Ma scusate ... state parlando di parsare una stringa fatta di campi separati da spazio
dentro uno script awk (la stringa e' una variabile awk), o di parsare la stringa a mano ("da terminale") o in uno shell script (la stringa e' una variabile di shell o variabile di environment)?
Nel primo caso si usa la funzione split di awk, dentro awk, senza proliferazione di processi pipando echo, altri awk ecc. ecc.
Nel secondo caso esiste il comando "cut" (fare man cut).

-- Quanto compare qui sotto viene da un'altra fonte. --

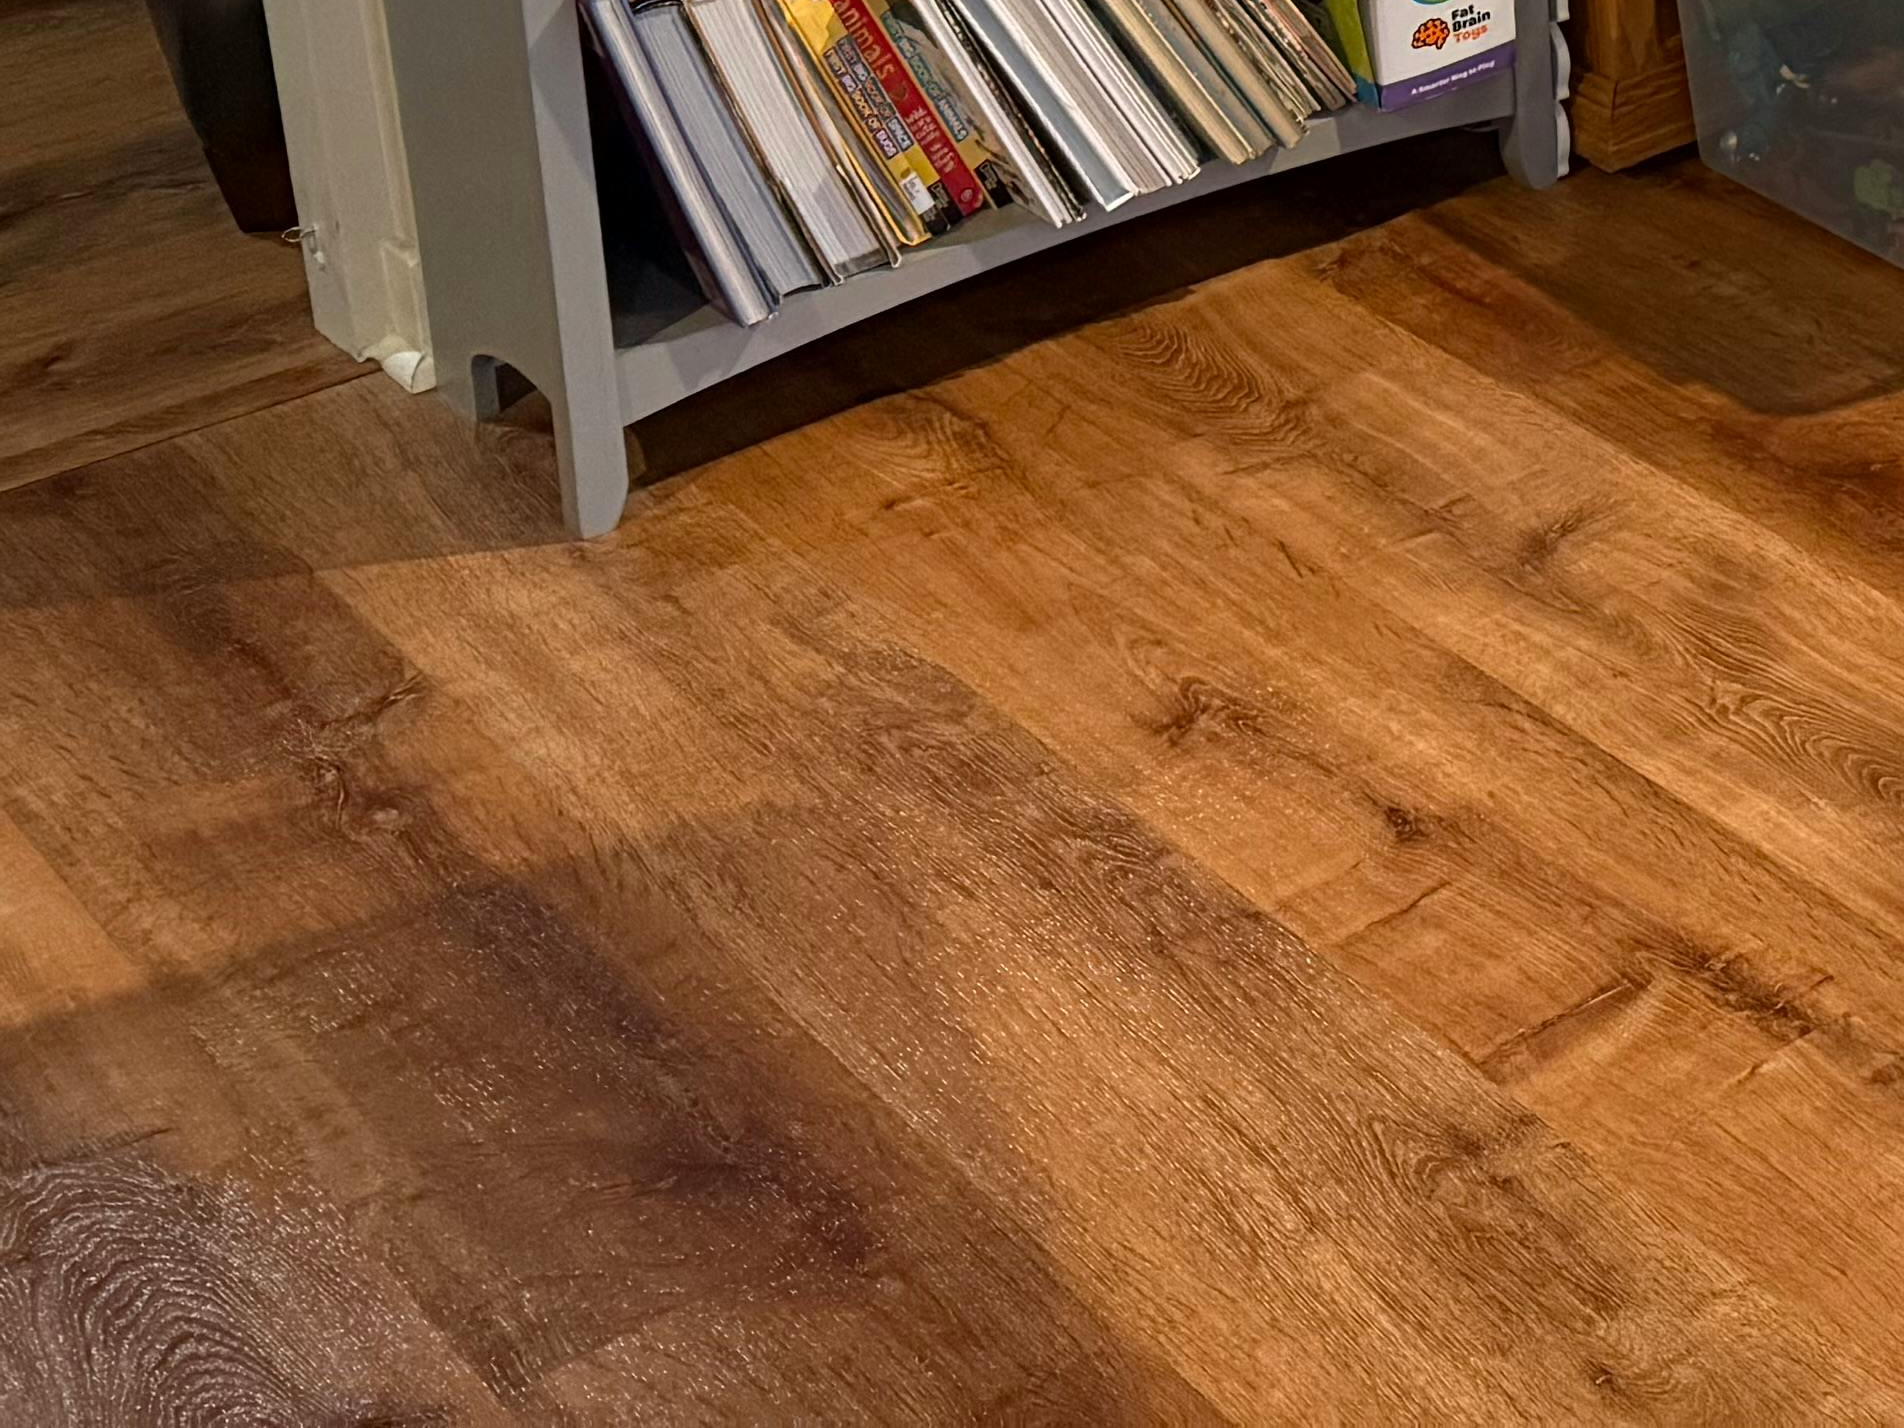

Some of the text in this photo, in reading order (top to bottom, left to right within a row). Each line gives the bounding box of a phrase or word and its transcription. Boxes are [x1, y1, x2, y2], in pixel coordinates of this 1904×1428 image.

A parte che non conosco la sintassi delle variabili bash, dato che uso tcsh, almeno in tcsh una variabile puo' addirittura essere un array
nativamente o no, Confrontare (in tcsh):
cosi' a e' una variabile di shell scalare il cui valore e' una stringa con degli imbedded blanks
Codice: Seleziona tutto
set a = 'cane gatto'
echo $a -> cane gatto
echo $a[1] -> cane gatto
echo $a[2] -> a: Subscript out of range.
cosi a e' un array con due elementi
Codice: Seleziona tutto
set a = (cane gatto)
echo $a[1] -> cane
echo $a[2] -> gatto
Questo invece (a parte l'assignment della variabile che e' shell-dependent) funziona in qualsiasi shell, usando cut che e' un comando a se'
Codice: Seleziona tutto
set a = 'cane gatto'
echo $a | cut -d" " -f1
echo $a | cut -d" " -f2
cut prende il campo (field, -f) 1 o 2 usando come separatore (-d) uno spazio bianco (" "). cut puo' anche essere usato per parsare con altri separatori, o anche per parsare caratteri o sottostrimghe per range
The reasonable man adapts himself to the world: the unreasonable one persists in trying to adapt the world to himself. Therefore all progress depends on the unreasonable man. (G.B. Shaw)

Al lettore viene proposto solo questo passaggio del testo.